Os gastos com servidores públicos seguem desenfreados em absoluto descumprimento da Lei de Responsabilidade Fiscal (LRF – Lei Complementar 101/2000). A legislação impõe limites nessa despesa.

  • União: 50% da receita corrente líquida (RCL);
  • Estados e Municípios: 60% da RCL;

Quando as despesas totais com pessoal superam 95% daqueles limites, fica proibida “qualquer movimentação de pessoal” que cause elevação de despesa. Contudo, na prática, a Administração Pública, nas três esferas, dá de ombros para da LRF no momento em que rascunha orçamento.

Em 2020, 20º ano da LRF. Portanto, houve tempo mais que suficiente para que os gestores públicos assumissem novas culturas.

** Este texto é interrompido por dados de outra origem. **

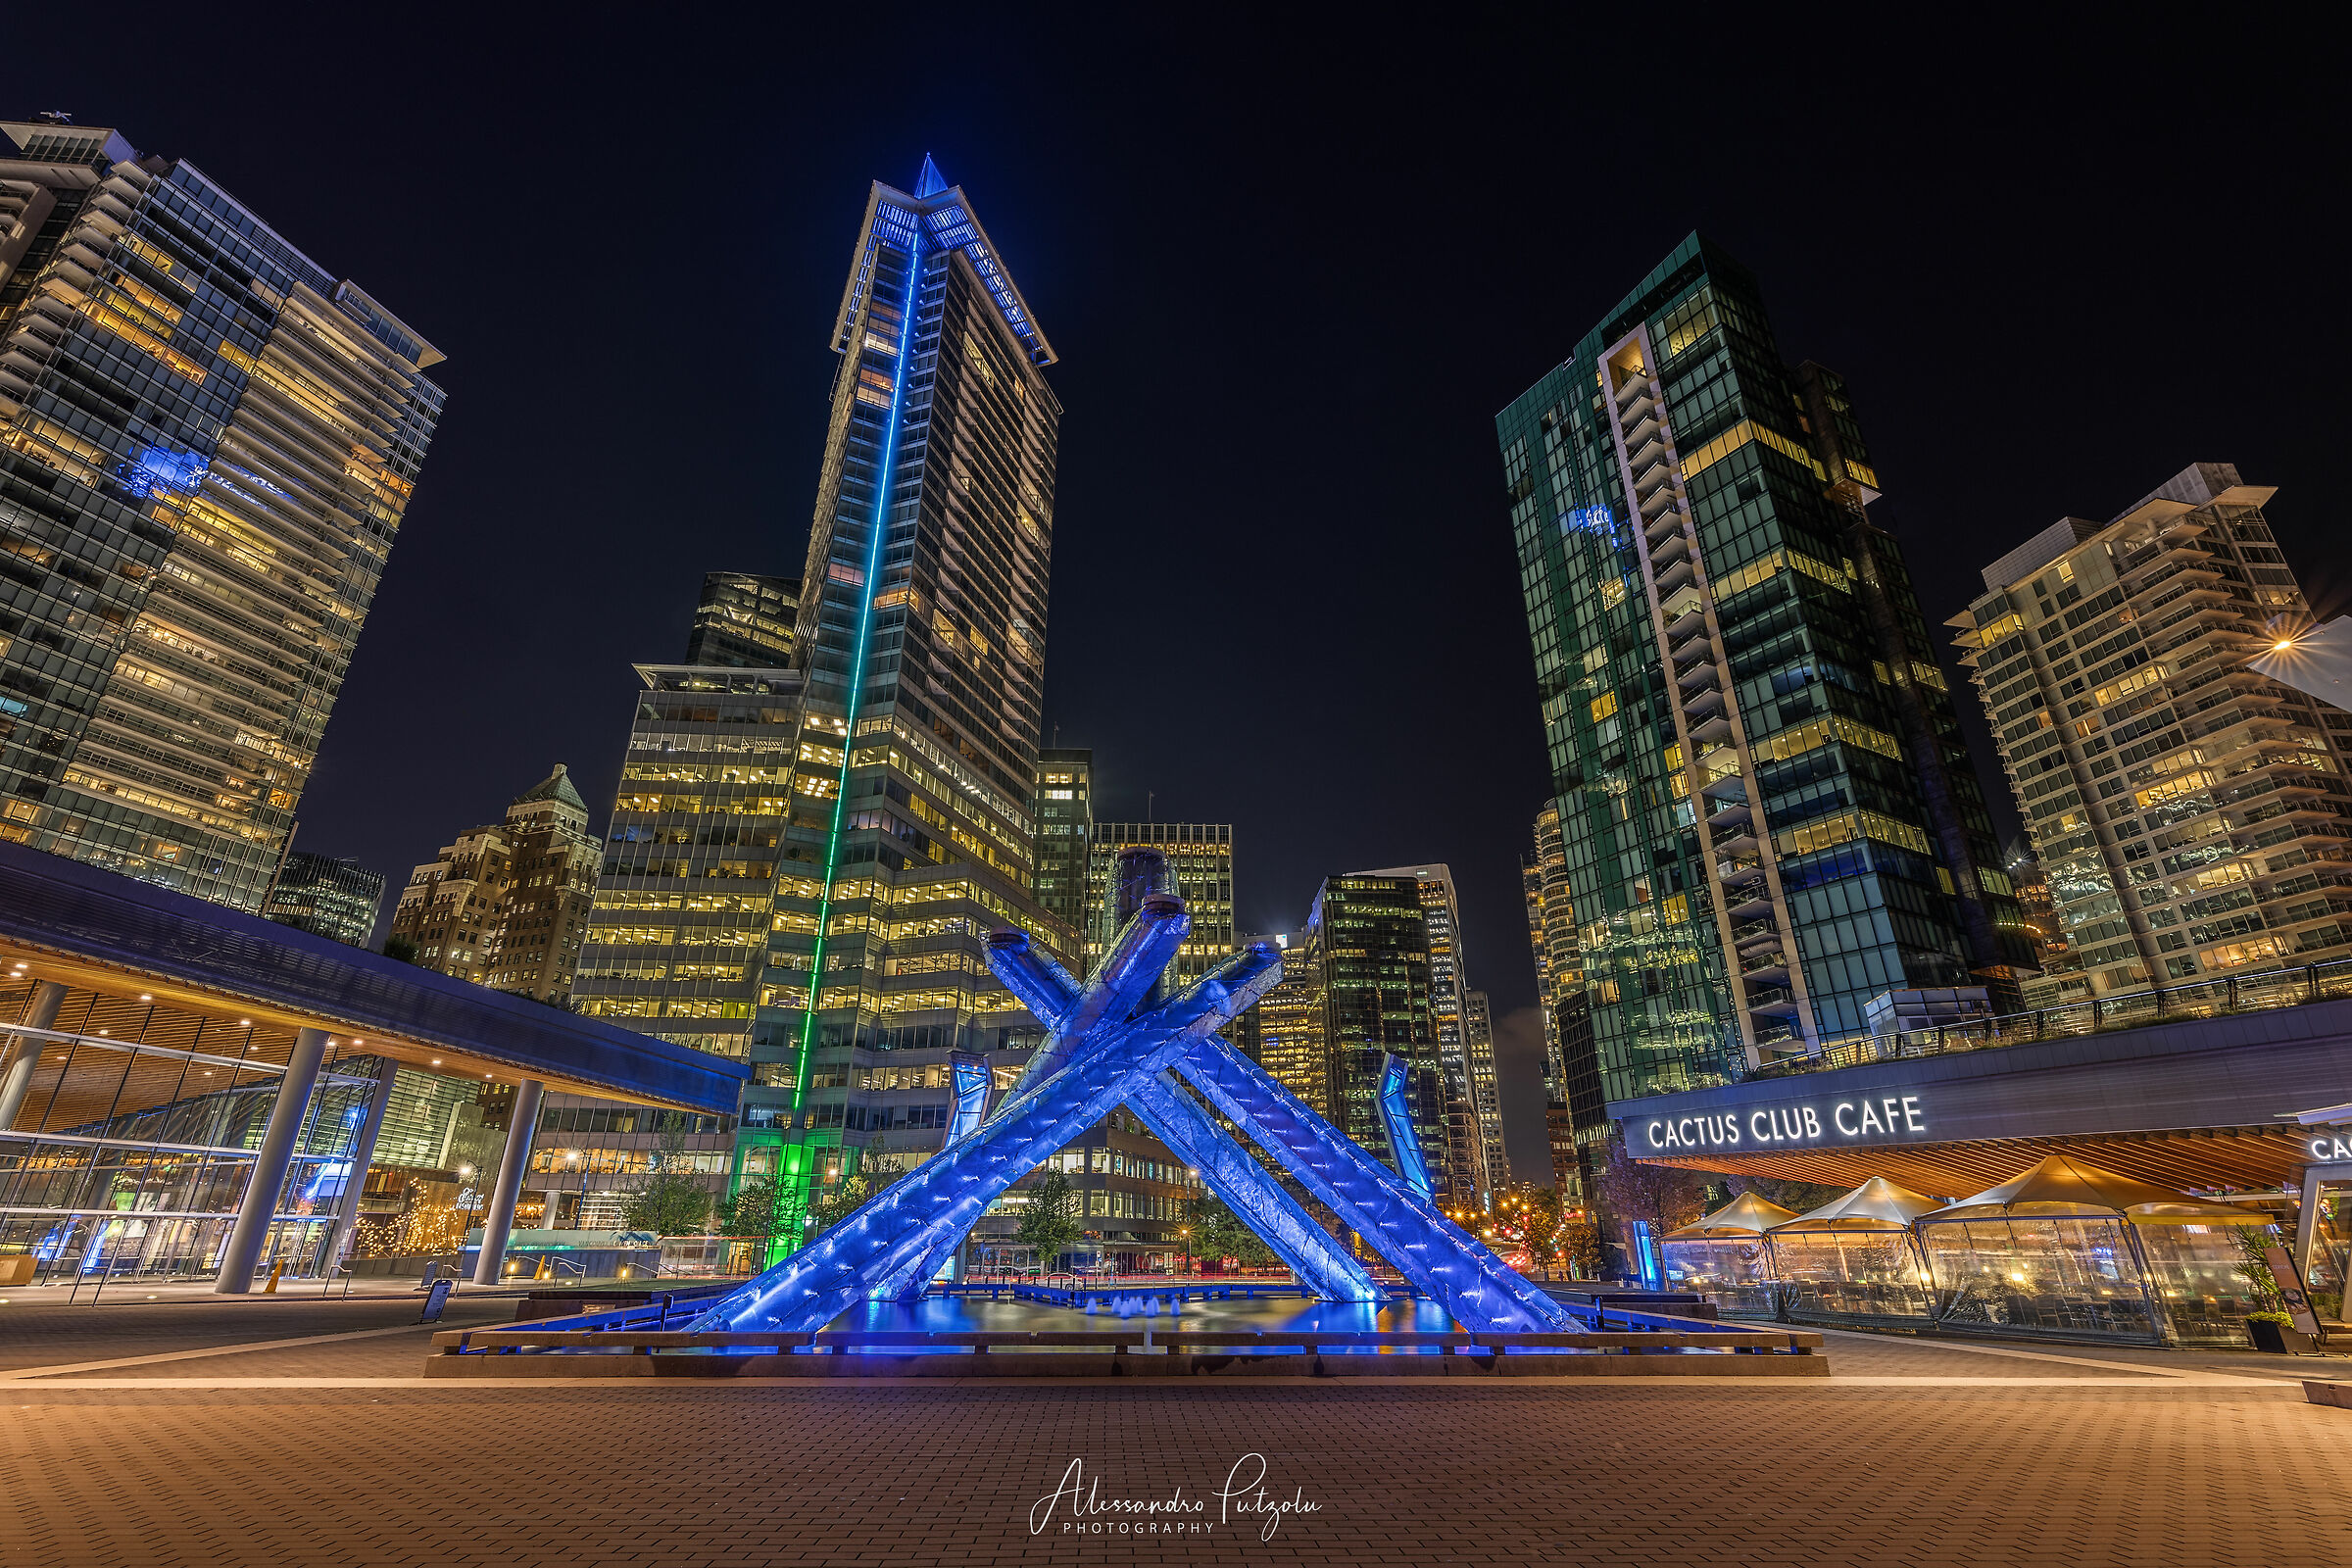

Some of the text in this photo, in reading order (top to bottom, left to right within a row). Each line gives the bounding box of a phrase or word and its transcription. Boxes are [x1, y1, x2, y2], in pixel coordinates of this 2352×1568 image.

[1648, 1096, 1926, 1149] CACTUS CLUB CAFE
[2311, 1138, 2352, 1159] CA
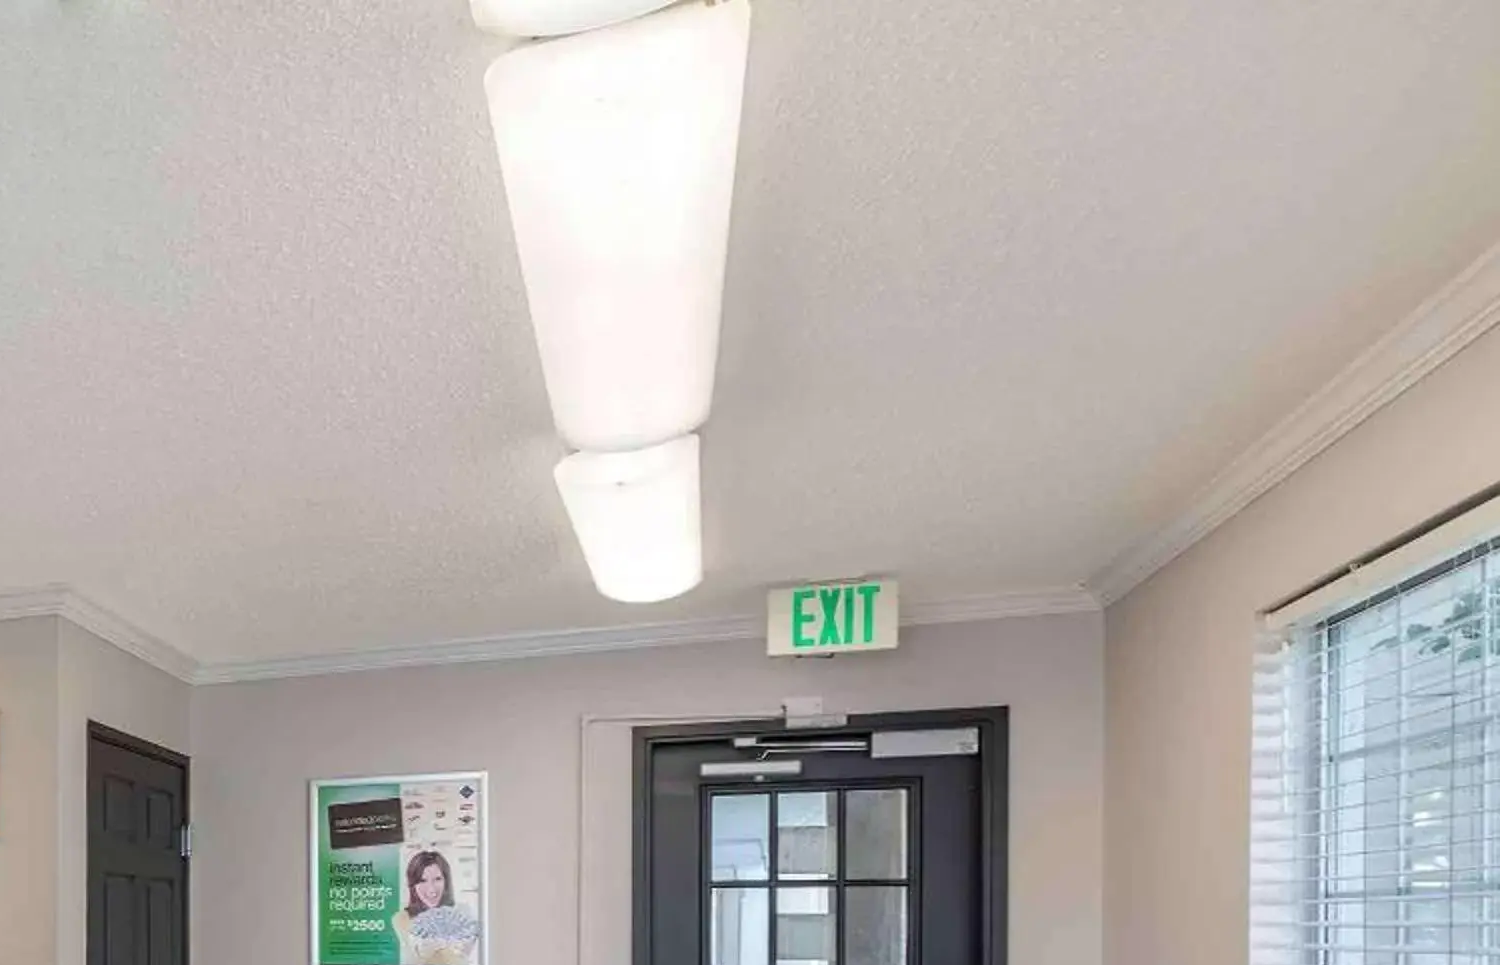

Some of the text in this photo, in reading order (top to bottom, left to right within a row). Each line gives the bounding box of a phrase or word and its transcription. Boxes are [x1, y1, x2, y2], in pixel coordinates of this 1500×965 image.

Sindicato dos office-boys do 5º andar

Há sindicatos para tudo. Muitos deles, além de tudo, não desgarram as tetas das verbas da administração direta e das estatais.

Com “inexigibilidade de licitação”, a Cia. de Saneamento de Minas Gerais (Copasa) assinou contrato com o “Sindicato dos Especialistas em Políticas Públicas e Gestão Governamental do Governo do Estado de Minas Gerais – SINDESP MG”. O Sindicato receberá R$ 50 mil a título de “patrocínio direto ao projeto Fórum Regional de Fortalecimento da Rede + Brasil # Etapa Minas Gerais” (sic). O contrato é por seis meses.

A Copasa é uma estatal de capital misto. Ou seja, tem ações do capital listado na B3 (Brasil, Bolsa, Balcão). A companhia deve, por conseguinte, seguir padrões de Governabilidade Corporativa e, ainda, de boa gestão do capital dos acionistas.

Não demora, surgirão sindicatos de chefes de gabinetes, dos porteiros da Cidade Administrativa, dos office-boys do 5º andar,…

** Este texto não reflete, necessariamente, a opinião do Portal UAI.